-- Input --
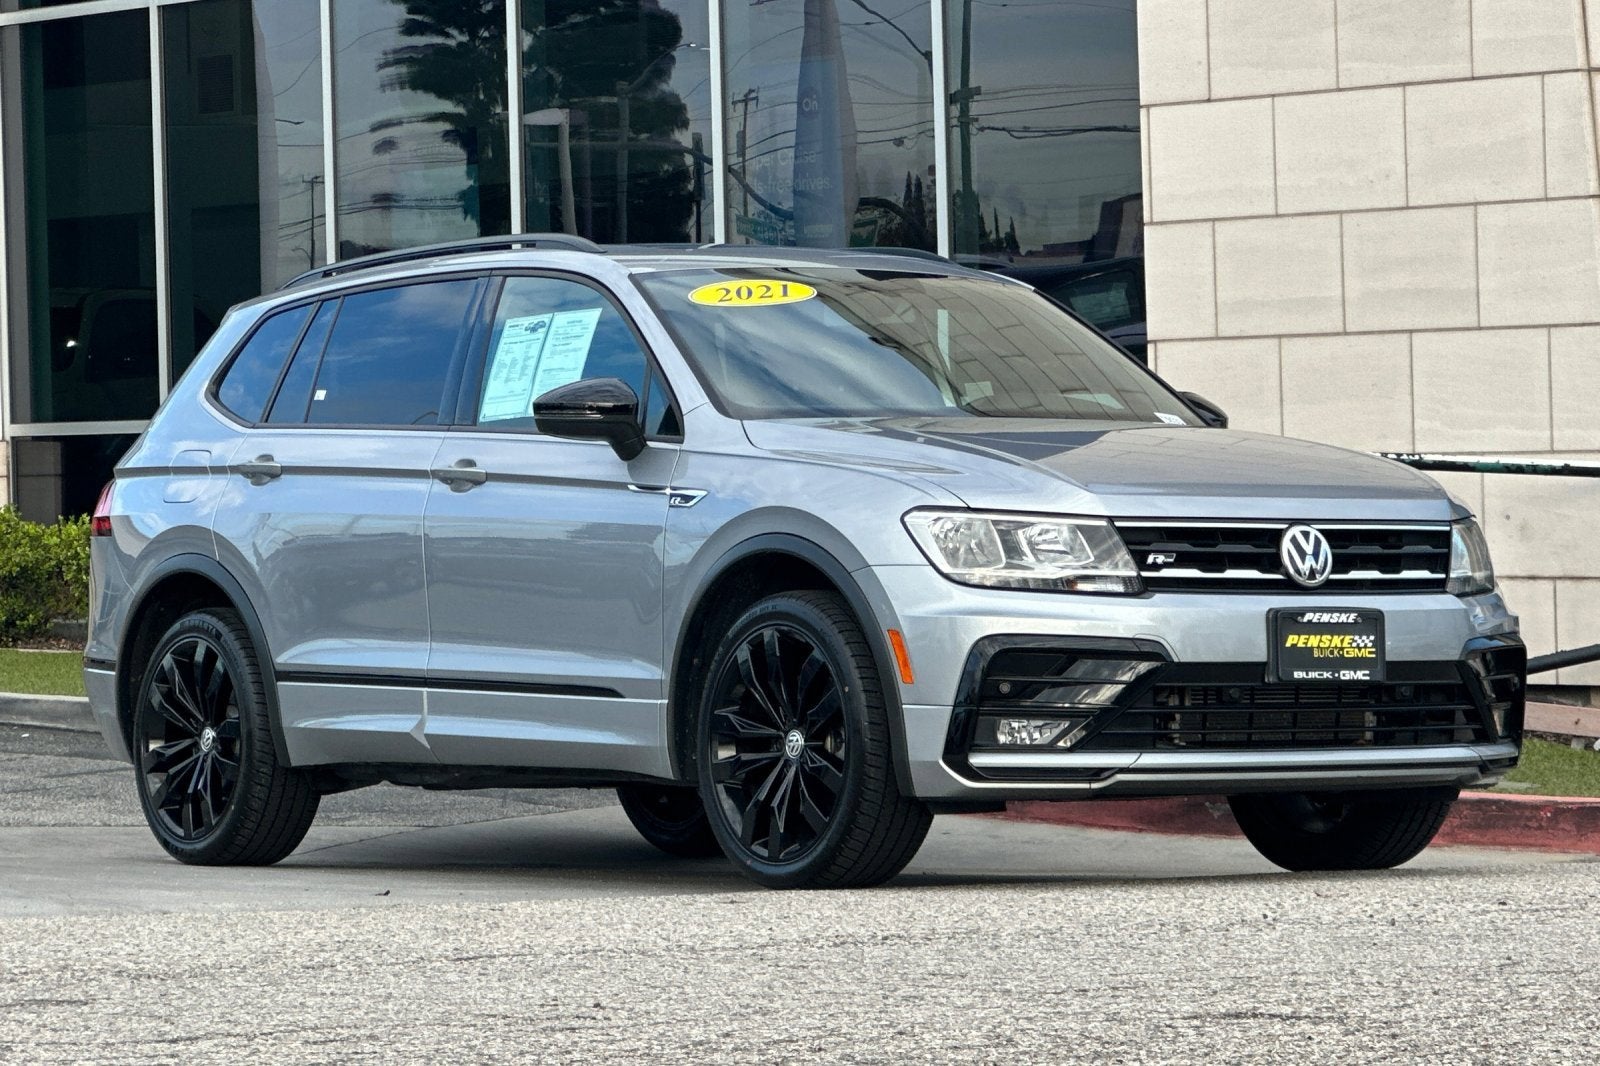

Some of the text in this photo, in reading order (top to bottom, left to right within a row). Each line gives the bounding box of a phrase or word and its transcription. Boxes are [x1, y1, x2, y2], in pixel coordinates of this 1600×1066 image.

[715, 284, 789, 303] 2021
[1302, 612, 1358, 623] PENSKE
[1285, 634, 1355, 648] PENSKE
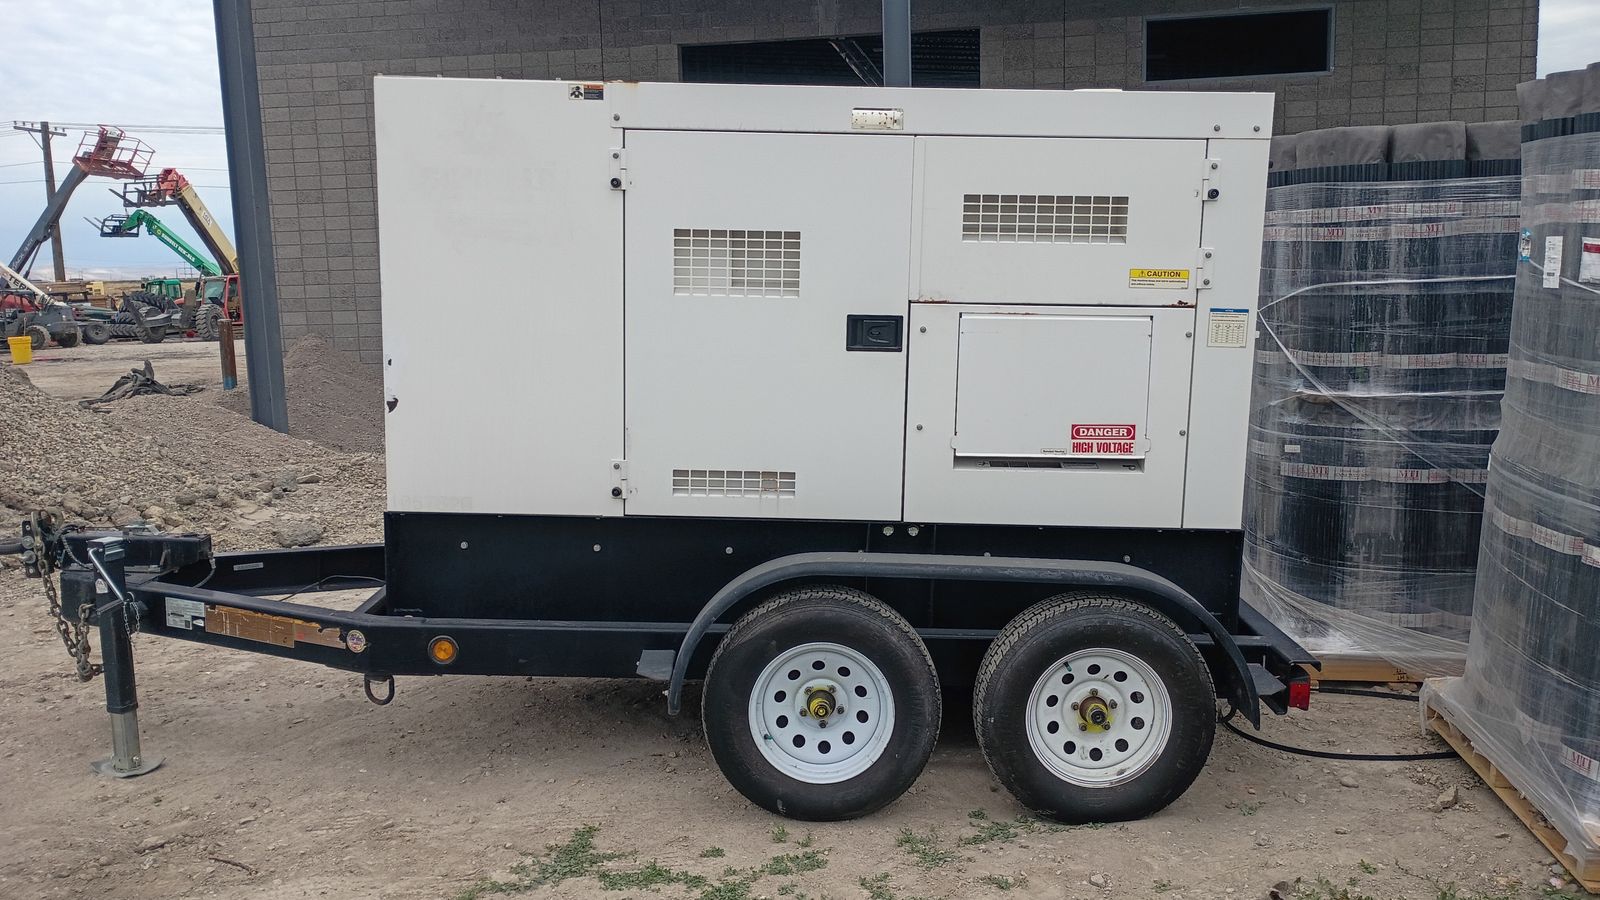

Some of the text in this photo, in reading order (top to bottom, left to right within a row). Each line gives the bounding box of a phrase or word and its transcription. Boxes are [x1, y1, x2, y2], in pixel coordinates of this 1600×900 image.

[1146, 270, 1181, 278] CAUTION
[9, 274, 38, 299] TERX
[1079, 428, 1128, 437] DANGER
[1072, 441, 1134, 454] HIGH VOLTAGE
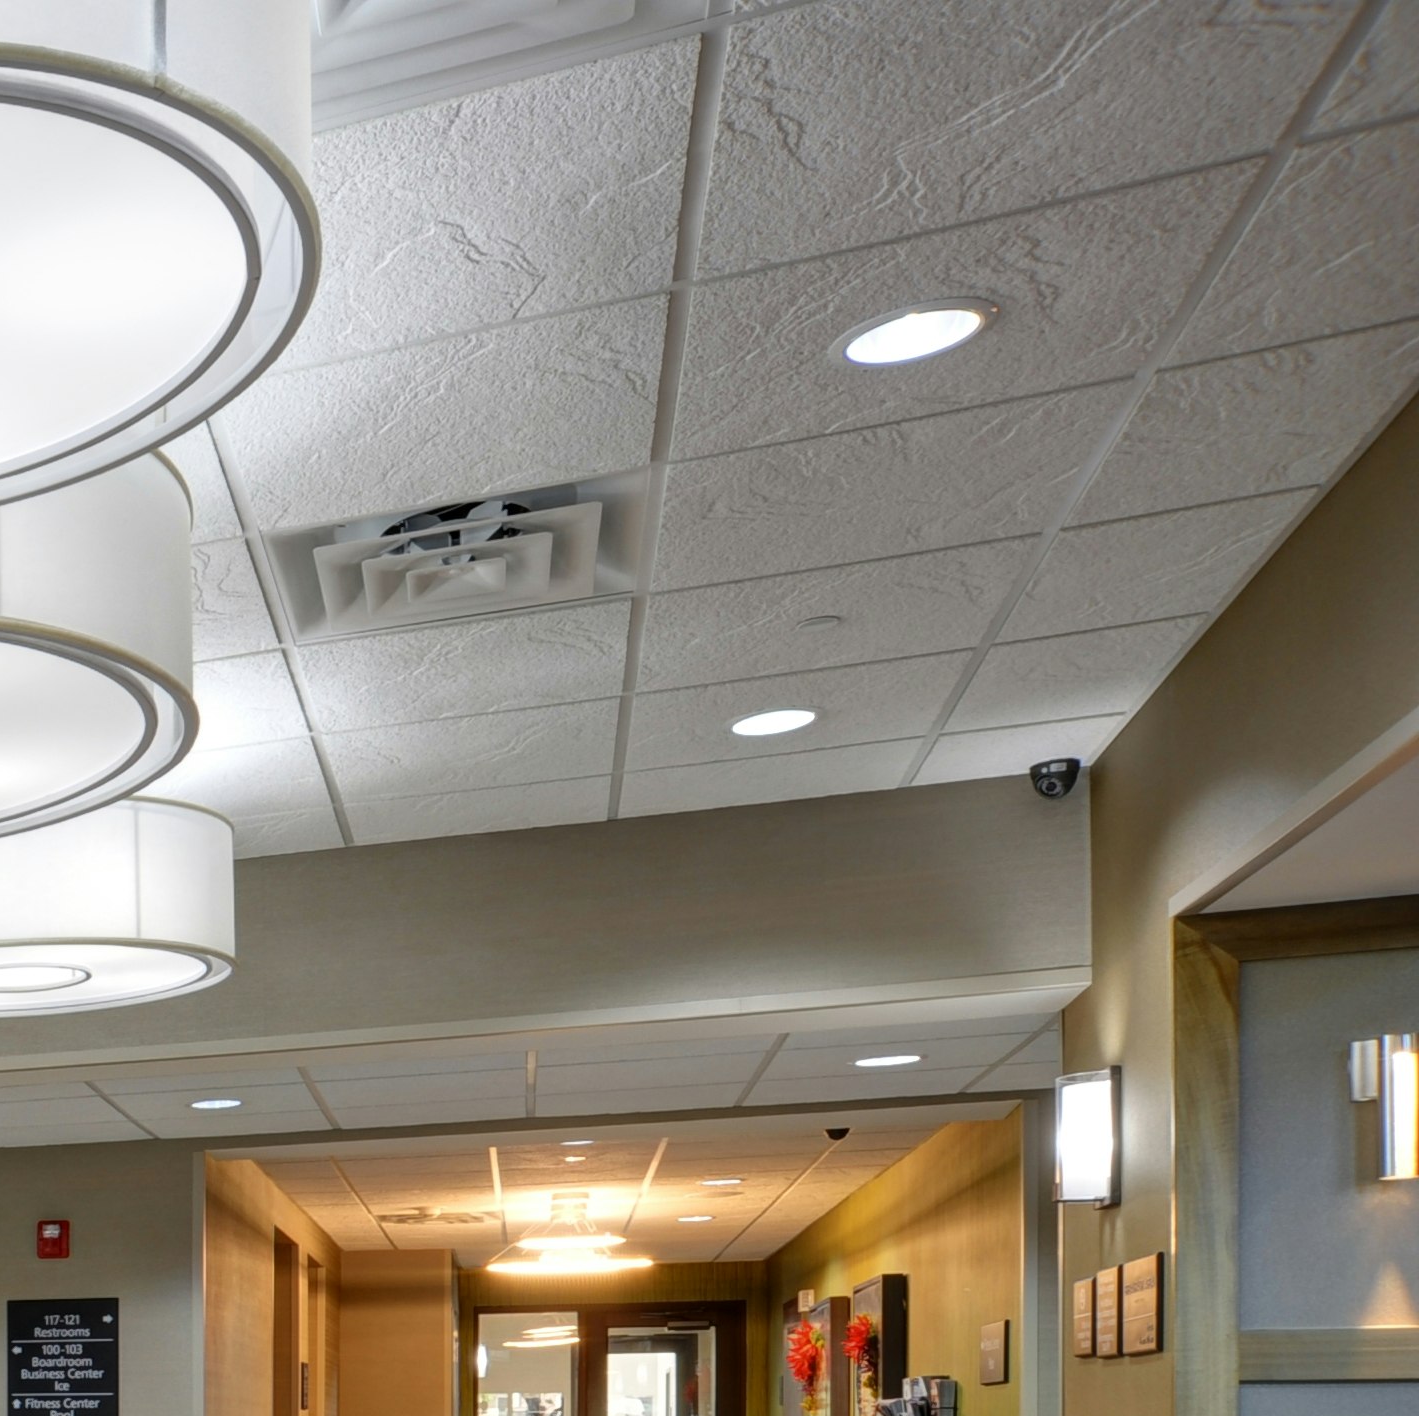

-- Task description --
Line by line, return the listing above exactly, dropping every picture.

-- Solved problem --
Some of the text in this photo, in reading order (top to bottom, left to right within a row). Each line gives the bounding box of a phrase or word and its transcription. Boxes are [x1, y1, x2, y2], in pixel coordinates of this 1600×1066 image.

[715, 284, 789, 303] 2021
[1302, 612, 1358, 623] PENSKE
[1285, 634, 1355, 648] PENSKE

Some of the text in this photo, in reading order (top to bottom, left to right within a row). Each line gives the bounding box of a phrase or word and its transcription. Boxes are [x1, y1, x2, y2], in pixel coordinates of this 1600×900 image.

[1146, 270, 1181, 278] CAUTION
[9, 274, 38, 299] TERX
[1079, 428, 1128, 437] DANGER
[1072, 441, 1134, 454] HIGH VOLTAGE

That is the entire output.